__WHAT THIS TASK INVOLVES__:
Give the listing below again exactly, but without any of its pictures.

▽

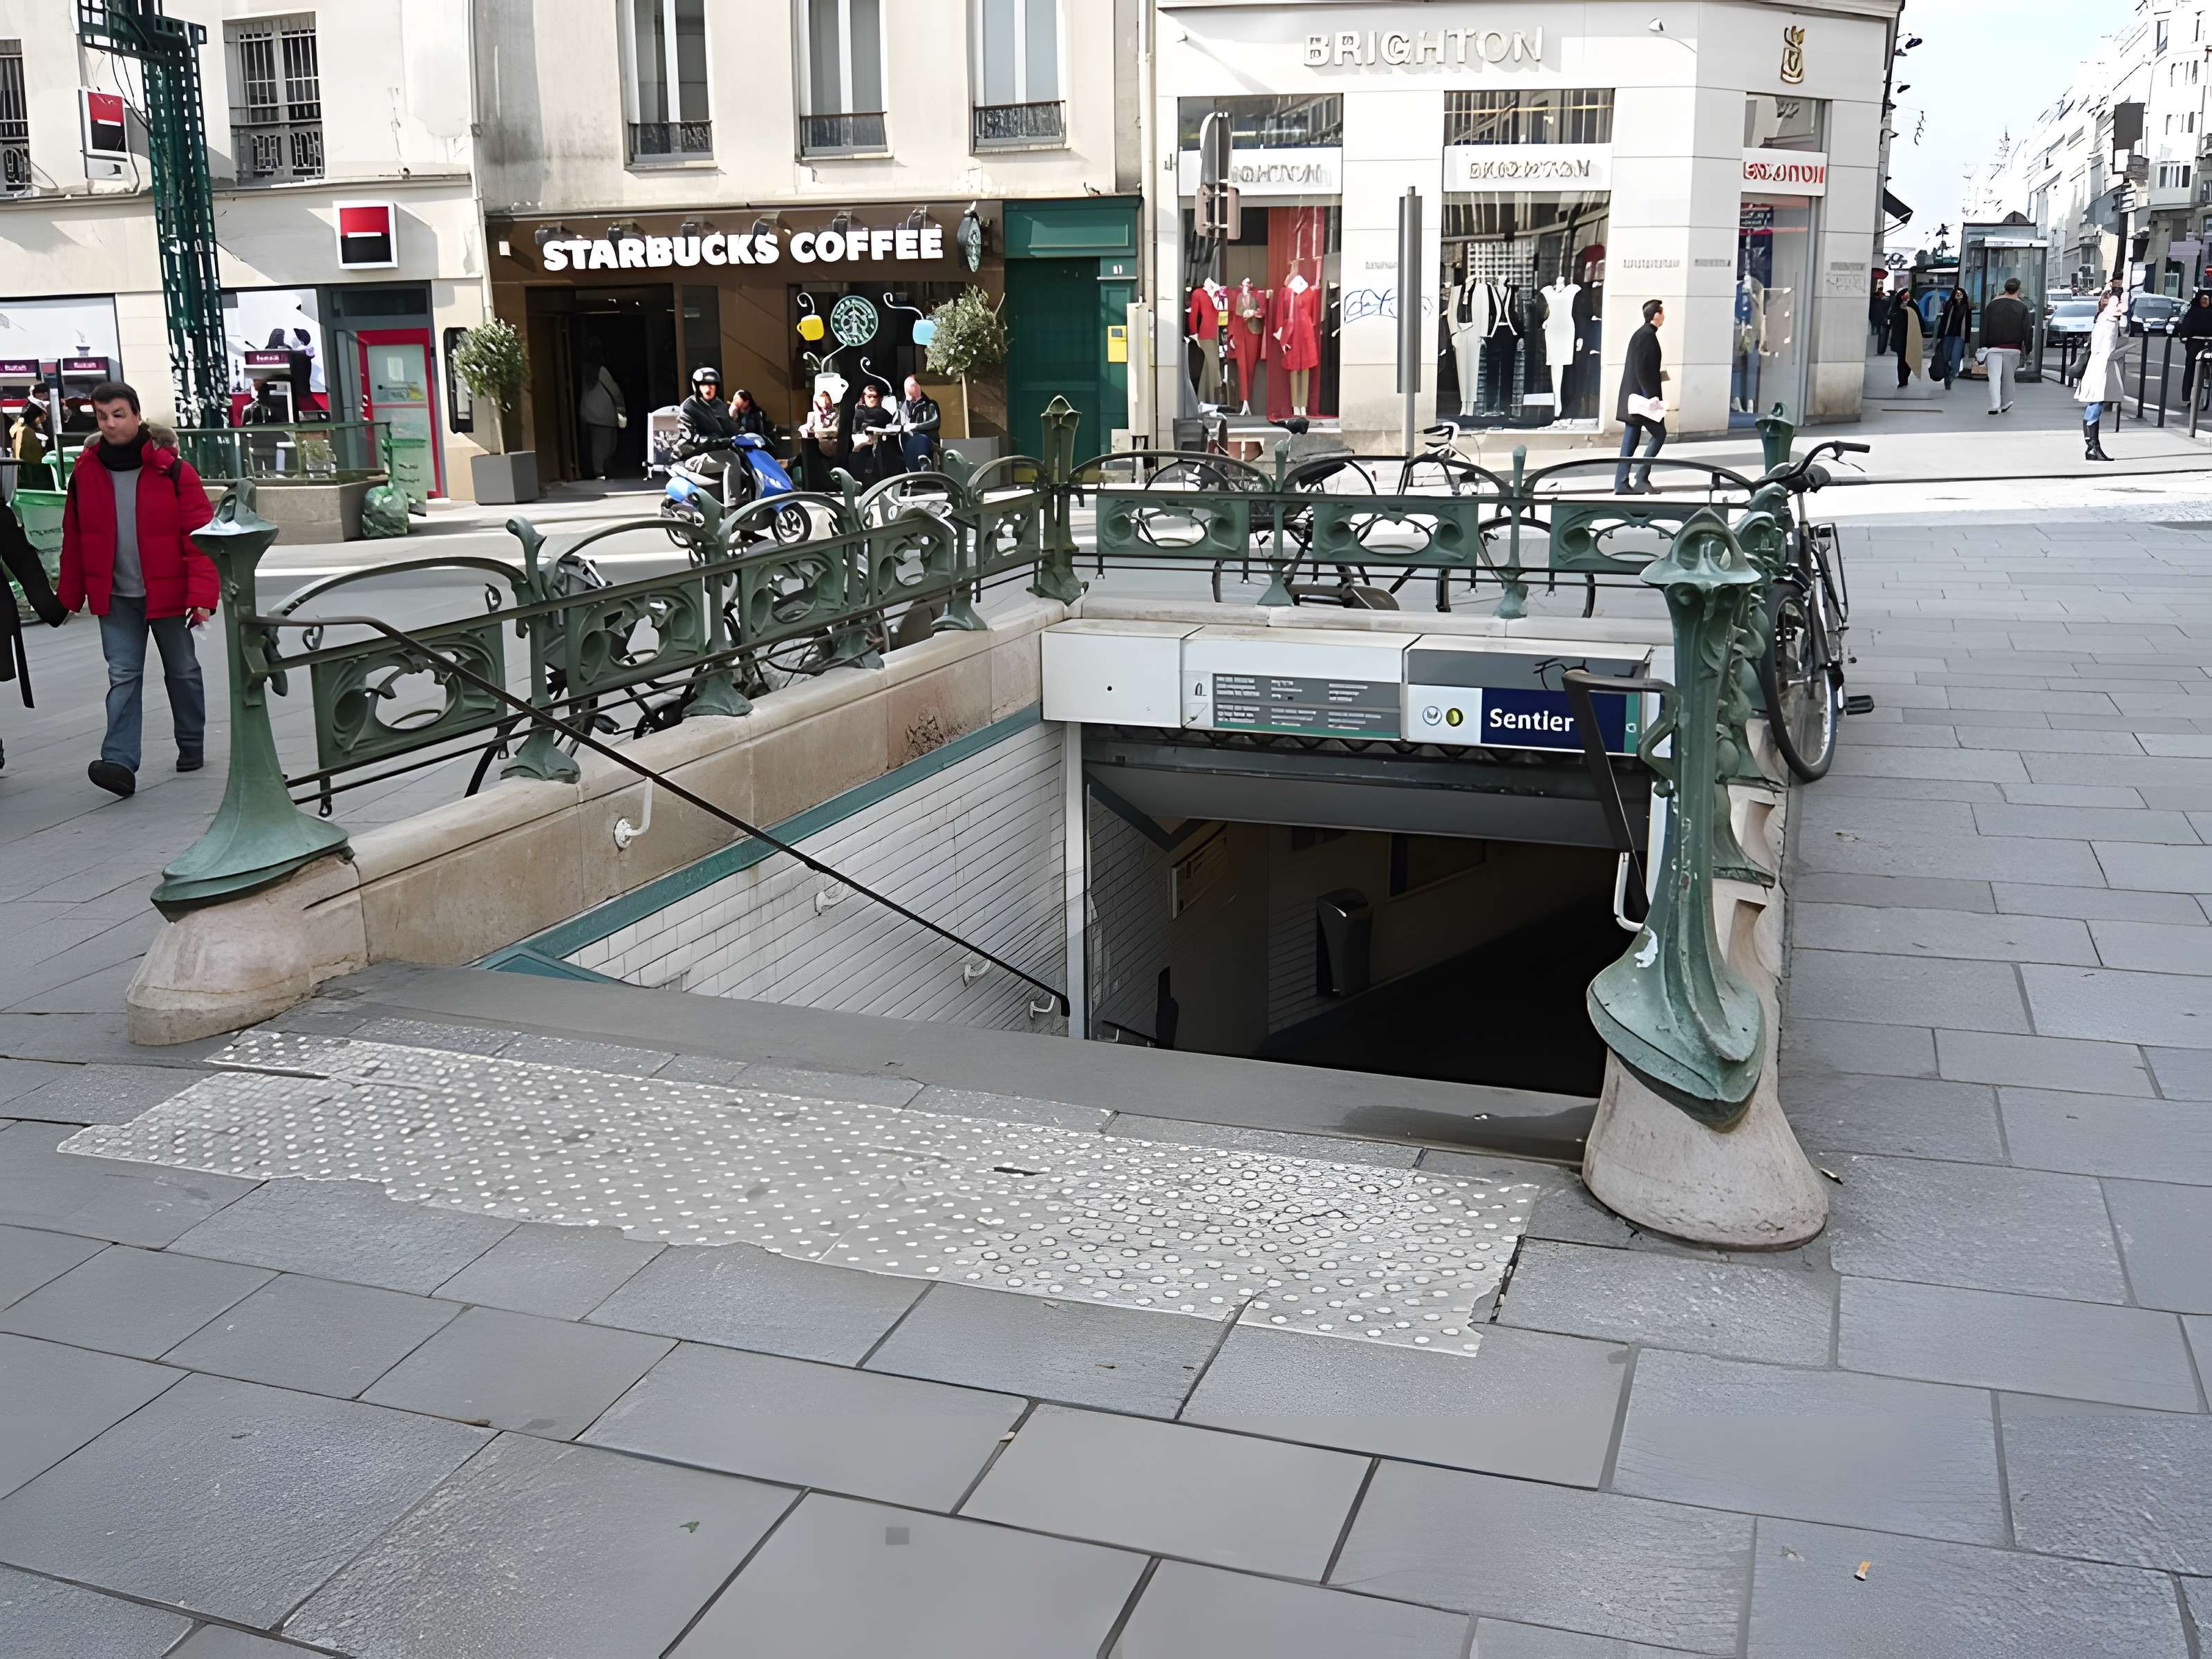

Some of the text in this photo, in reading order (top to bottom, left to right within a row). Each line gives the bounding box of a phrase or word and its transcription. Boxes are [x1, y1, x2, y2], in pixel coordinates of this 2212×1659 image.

[1304, 26, 1544, 66] BRIGHTON
[543, 234, 780, 271] STARBUCKS
[791, 229, 943, 263] COFFEE
[1490, 708, 1574, 733] Sentier

△

__YOUR SOLUTION__:
Some of the text in this photo, in reading order (top to bottom, left to right within a row). Each line gives the bounding box of a phrase or word and its transcription. Boxes are [x1, y1, x2, y2], in pixel coordinates of this 2212×1659 image.

[1304, 26, 1544, 66] BRIGHTON
[543, 234, 780, 271] STARBUCKS
[791, 229, 943, 263] COFFEE
[1490, 708, 1574, 733] Sentier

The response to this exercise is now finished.